UltraPlexer

Introduction

UltraPlexing is a highly effective method for multiplexed long-read sequencing in the context of hybrid microbial genome assembly. Ultraplexing removes the need for molecular barcodes and assigns each long read to the short-read assembly graph it is most compatible with. While maintaining excellent assembly quality, Ultraplexing enables at least a doubling of the maximum number of samples per flow cell on the Nanopore platform, and a reduction in reagent costs and hands-on-time by a factor of 2.

To apply the UltraPlexing approach, simply pool equal amounts of DNA from the samples you want to multiplex, generate long-read sequencing data, and use the UltraPlexing algorithm to demultiplex the data. In order to apply UltraPlexing, short-read sequencing data for the same samples needs to be available at the time of analysis. If possible, optimize the DNA extration and library preparation processes for read length, as the ability of the UltraPlexing algorithm to assign long reads to isolates improves with increasing read lengths.

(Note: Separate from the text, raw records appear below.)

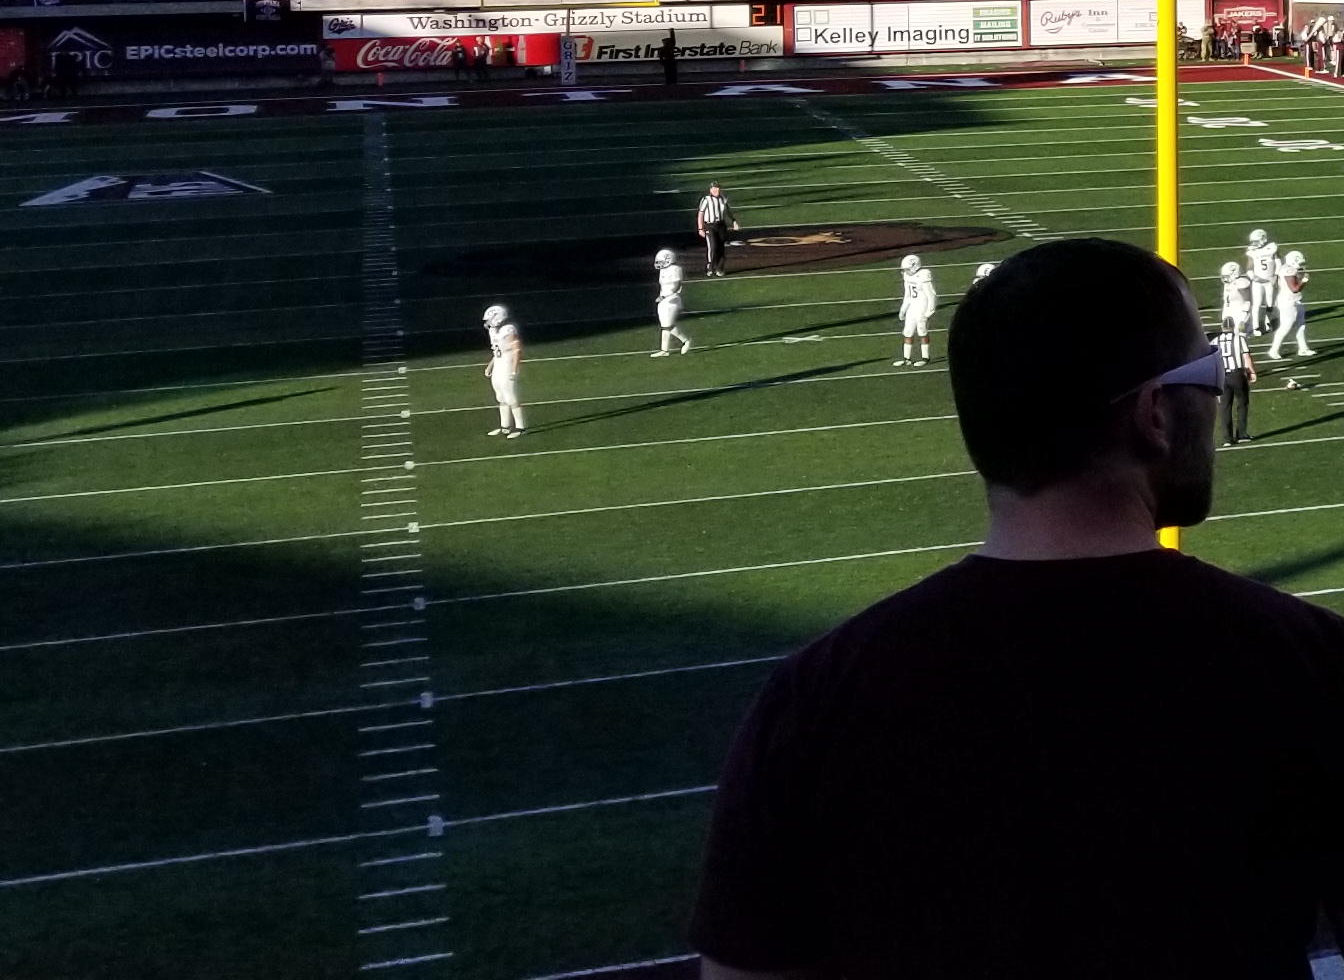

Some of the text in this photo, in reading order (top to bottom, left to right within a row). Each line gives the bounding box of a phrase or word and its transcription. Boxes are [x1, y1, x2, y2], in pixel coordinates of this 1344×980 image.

[621, 9, 708, 25] Stadium
[752, 5, 781, 25] 21
[1088, 9, 1109, 17] Inn
[1227, 10, 1263, 18] JAKERS
[814, 25, 970, 48] Kelley Imaging
[356, 36, 457, 69] Coca-Cola
[596, 40, 778, 60] First Inerstate Bank
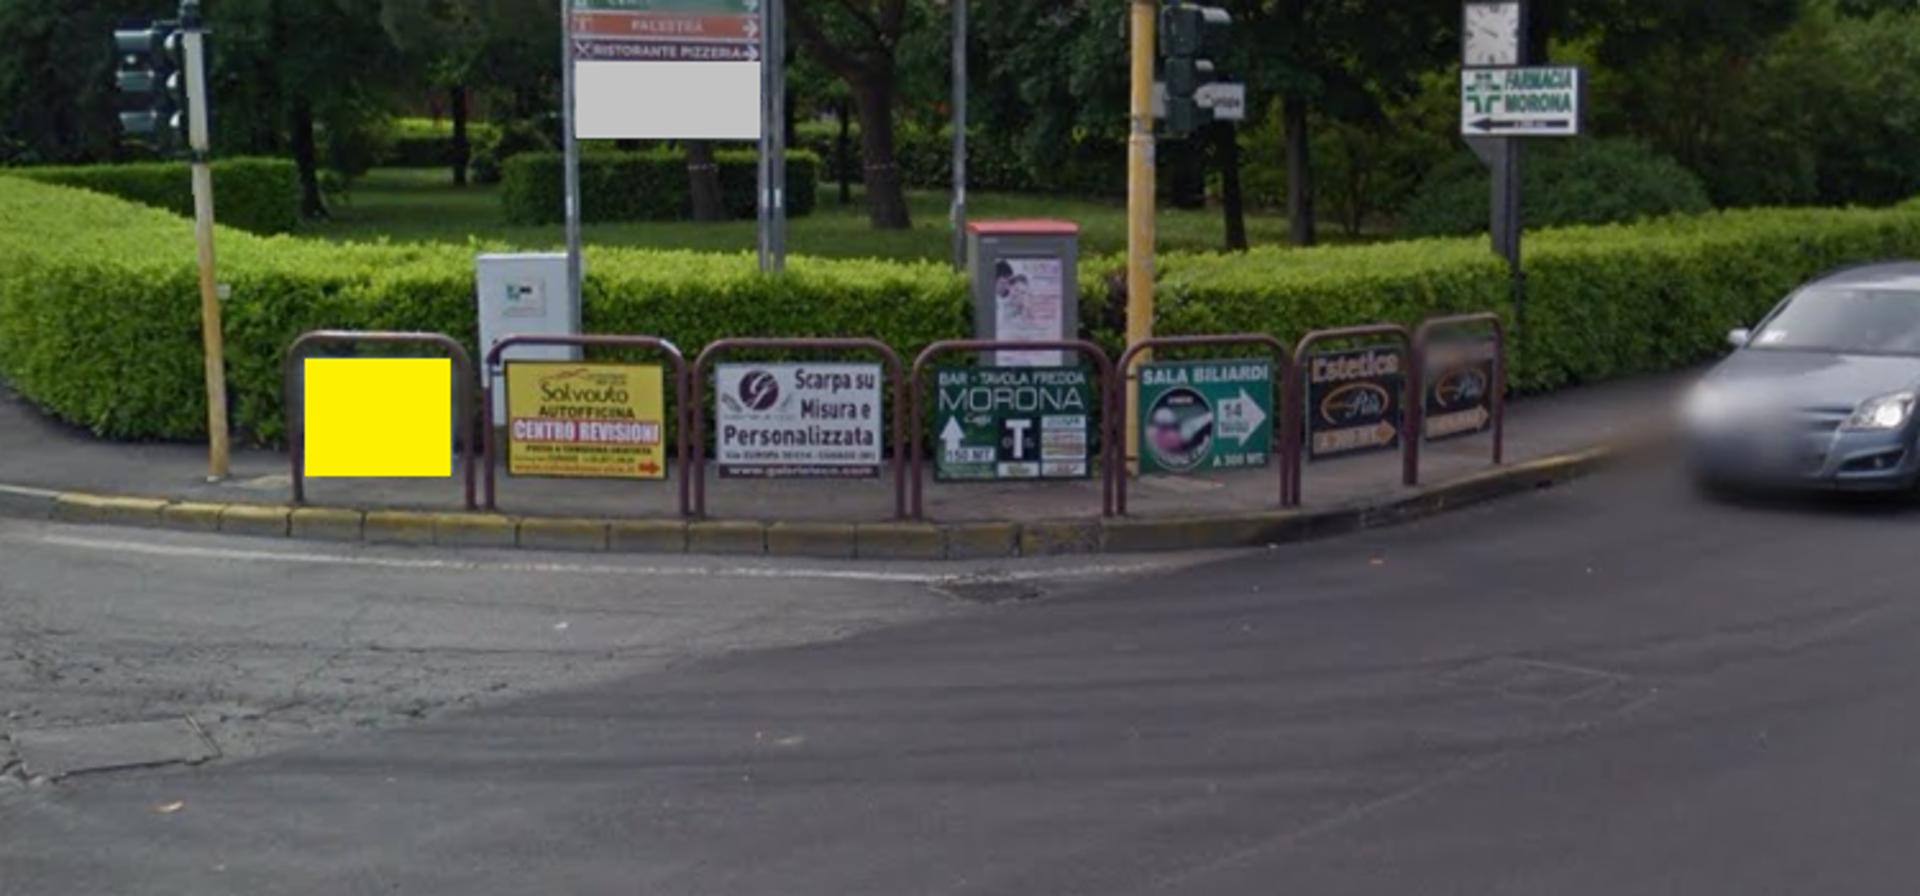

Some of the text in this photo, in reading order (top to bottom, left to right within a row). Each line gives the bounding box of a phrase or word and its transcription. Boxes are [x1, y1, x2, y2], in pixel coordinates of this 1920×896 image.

[631, 18, 703, 33] PALESTRA
[593, 44, 741, 59] RISTORANTE PIZZERIA
[1506, 69, 1572, 89] FARMACIA
[1505, 93, 1572, 112] MORONA
[1143, 364, 1268, 384] SALA BILIARDI
[1313, 352, 1399, 382] Estetica
[795, 368, 875, 393] Scarpa su
[938, 372, 968, 385] BAR
[979, 371, 1029, 385] TAVOLA
[1032, 371, 1086, 385] FREDDA
[938, 386, 1084, 411] MORONA
[538, 405, 636, 419] AUTOFFICINA
[801, 398, 871, 420] Misura e
[513, 420, 660, 442] CENTRO REVISIONI
[723, 424, 874, 446] Personalizzata

A preprint with accuracy evaluations can be fount at: https://www.biorxiv.org/content/10.1101/680827v2

Overview of the Ultraplexing approach

alt text

Long reads are generated in simple pooled sequencing runs. The Ultraplexing algorithm determines the most likely source genome for each long read by carrying out a comparison between the read and the de Bruijn graphs of the sequenced sample genomes, inferred from short-read data. Hybrid assembly of sample-specific long and short reads enables the recovery of complete bacterial genomes.

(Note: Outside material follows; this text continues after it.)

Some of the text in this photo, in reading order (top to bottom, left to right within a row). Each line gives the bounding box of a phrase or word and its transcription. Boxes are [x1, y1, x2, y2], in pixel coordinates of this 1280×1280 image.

Program Requirements and Installation

The programm was tested on the following Operating Systems:

CentOS Linux release 7.5.1804 (Core)
Ubuntu 18.04.3 LTS

The following programming languages and packages need to be installed:

R
cortex_var
Perl
Perl Modules:
- List::MoreUtils
- Math::GSL::Randist

Please modify UltraPlexer.pl so that it contains the correct path to your installation of Cortex (line 16). The algorithm expects to find Cortex binaries for k = 31 with 20, 40 and 60 colors.

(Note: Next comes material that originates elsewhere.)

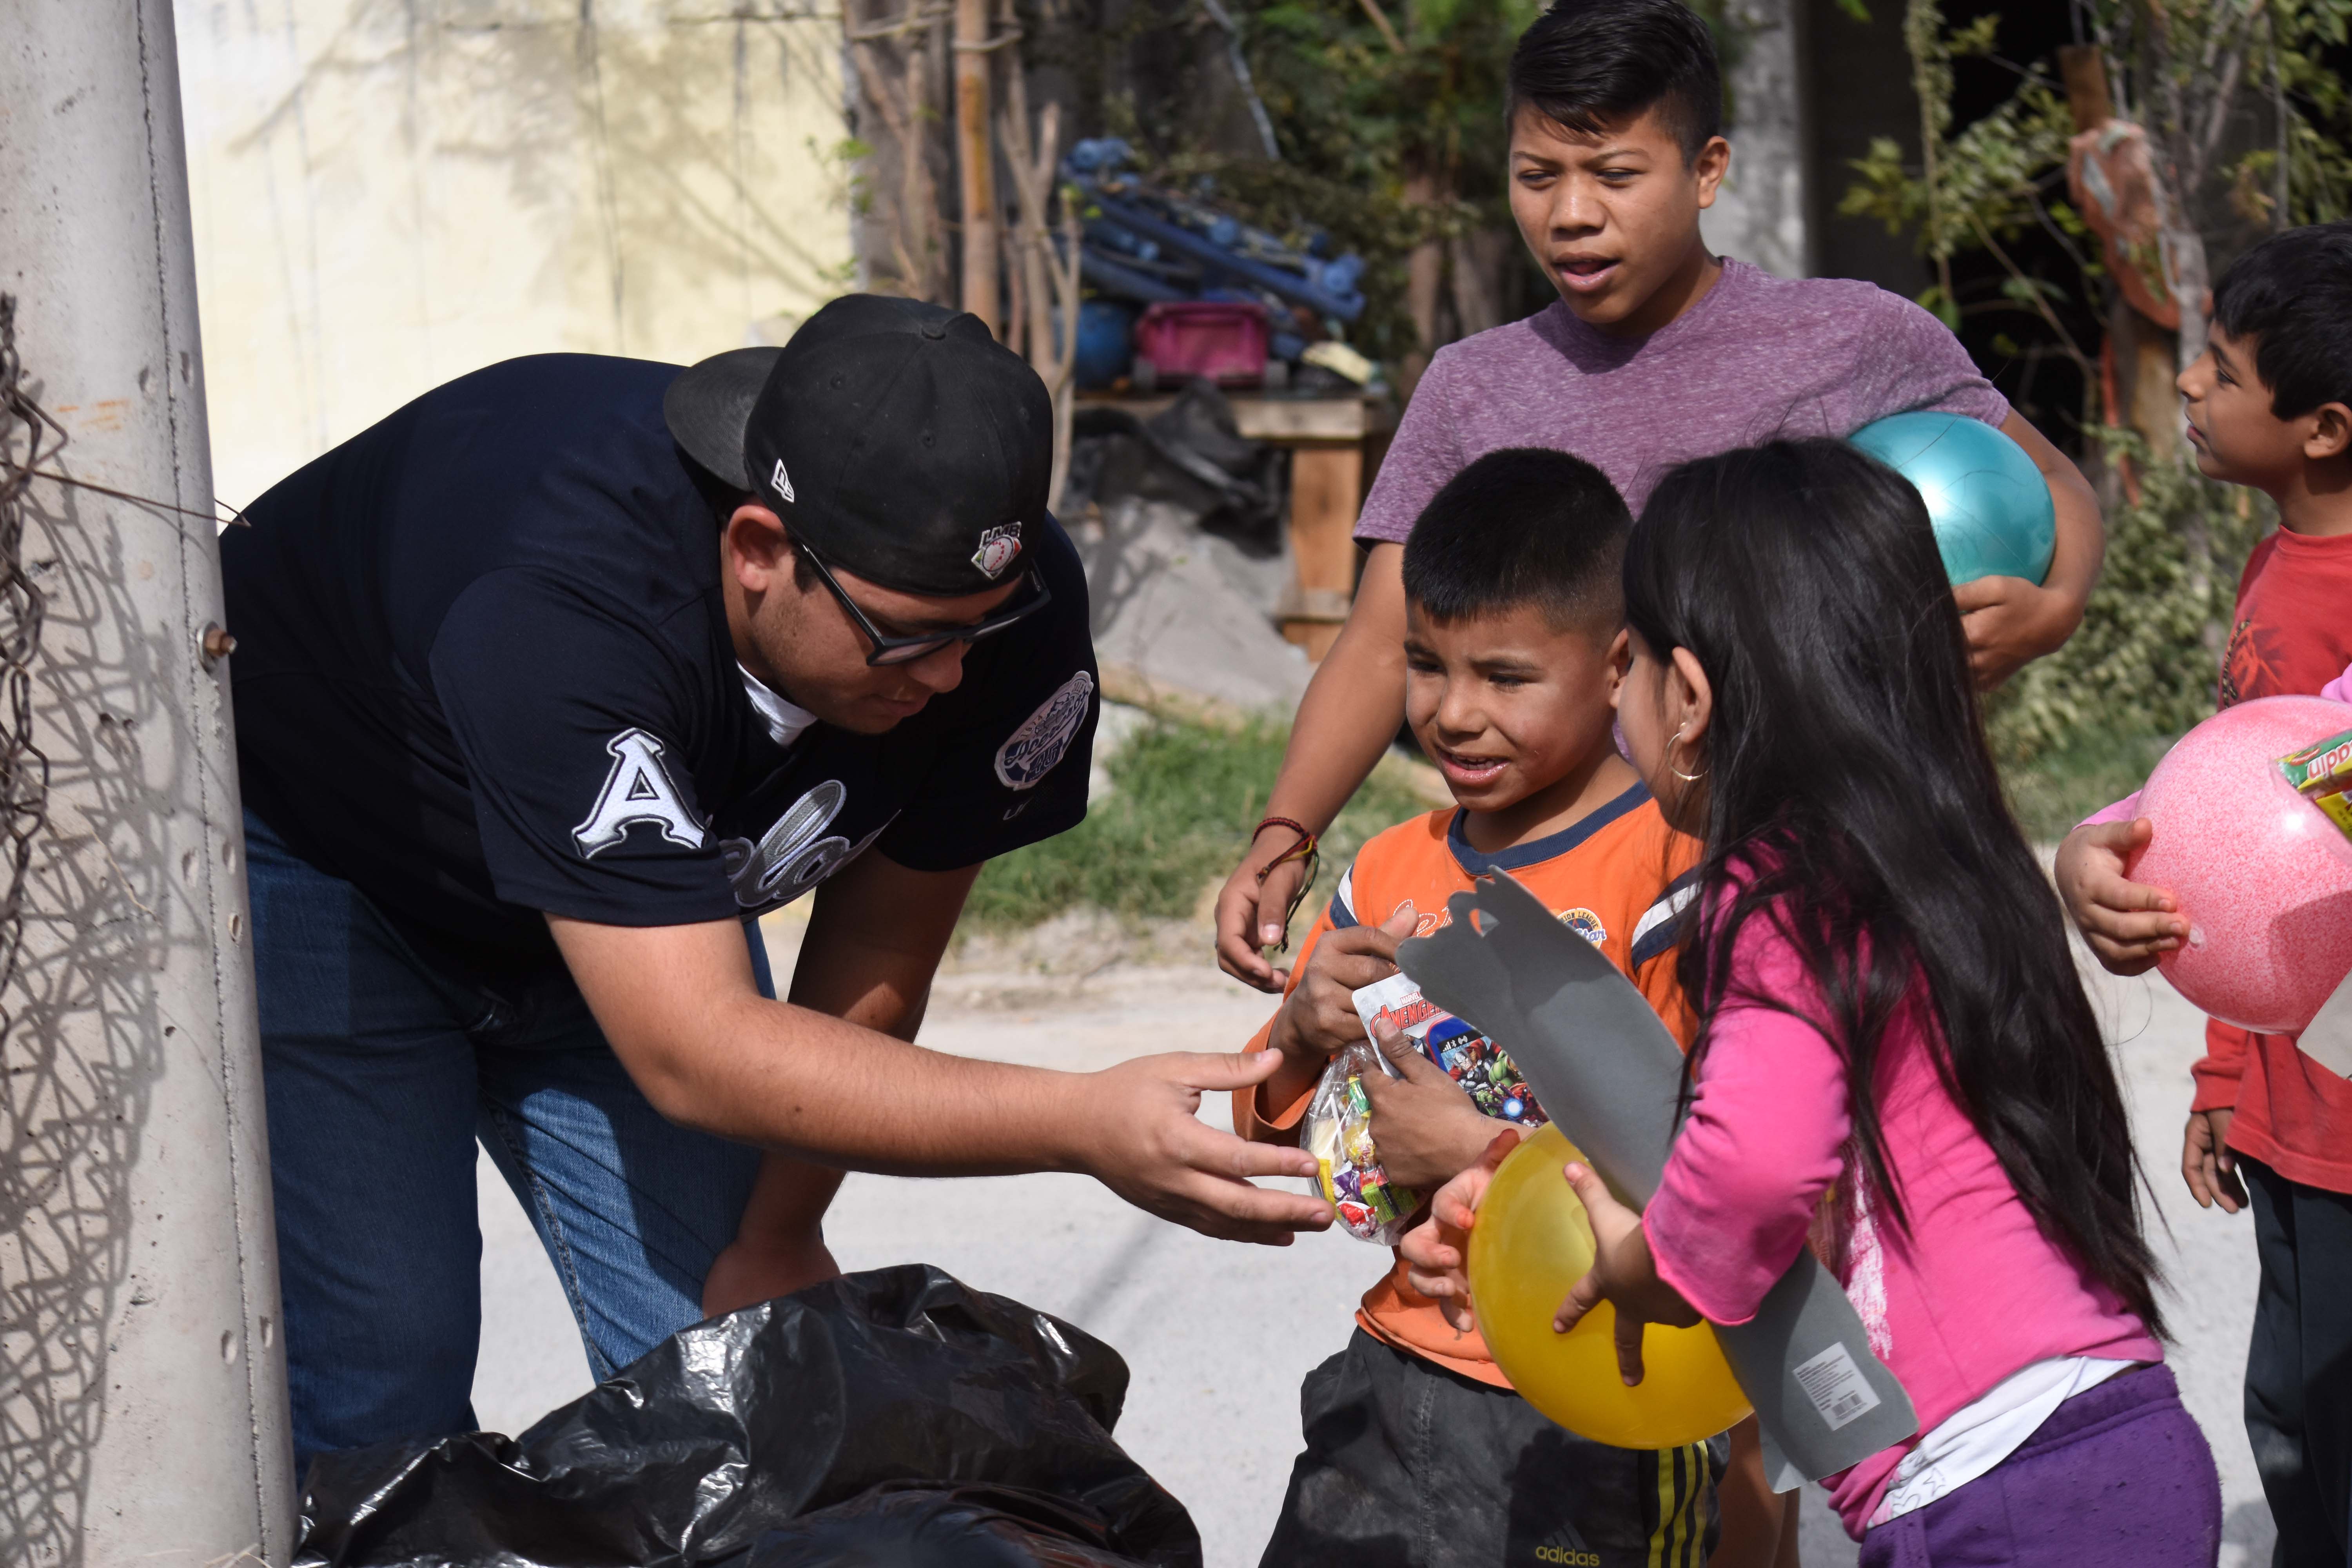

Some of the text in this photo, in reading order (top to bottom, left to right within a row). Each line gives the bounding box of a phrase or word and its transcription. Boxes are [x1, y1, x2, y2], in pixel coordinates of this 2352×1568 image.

[572, 727, 706, 859] A
[1578, 911, 1599, 929] LEAGUE
[1400, 992, 1421, 1005] MARVEL
[1535, 1546, 1600, 1567] adidas

Alternative to installing prerequisites:

We generated and tested a Docker image, containing the OS "Ubuntu 18.04", the above mentionen prerequisites and all data, provided in this GitHub repository. Instead of installing all required programming languages and packages yourself, you should be able to run the Ultraplexer algorithm in a container, created by this Docker image.

The docker image can be found at: https://hub.docker.com/r/diltheygenomicslab/ultraplexer

Use the command docker pull diltheygenomicslab/ultraplexer:0.1.2 to get the current version.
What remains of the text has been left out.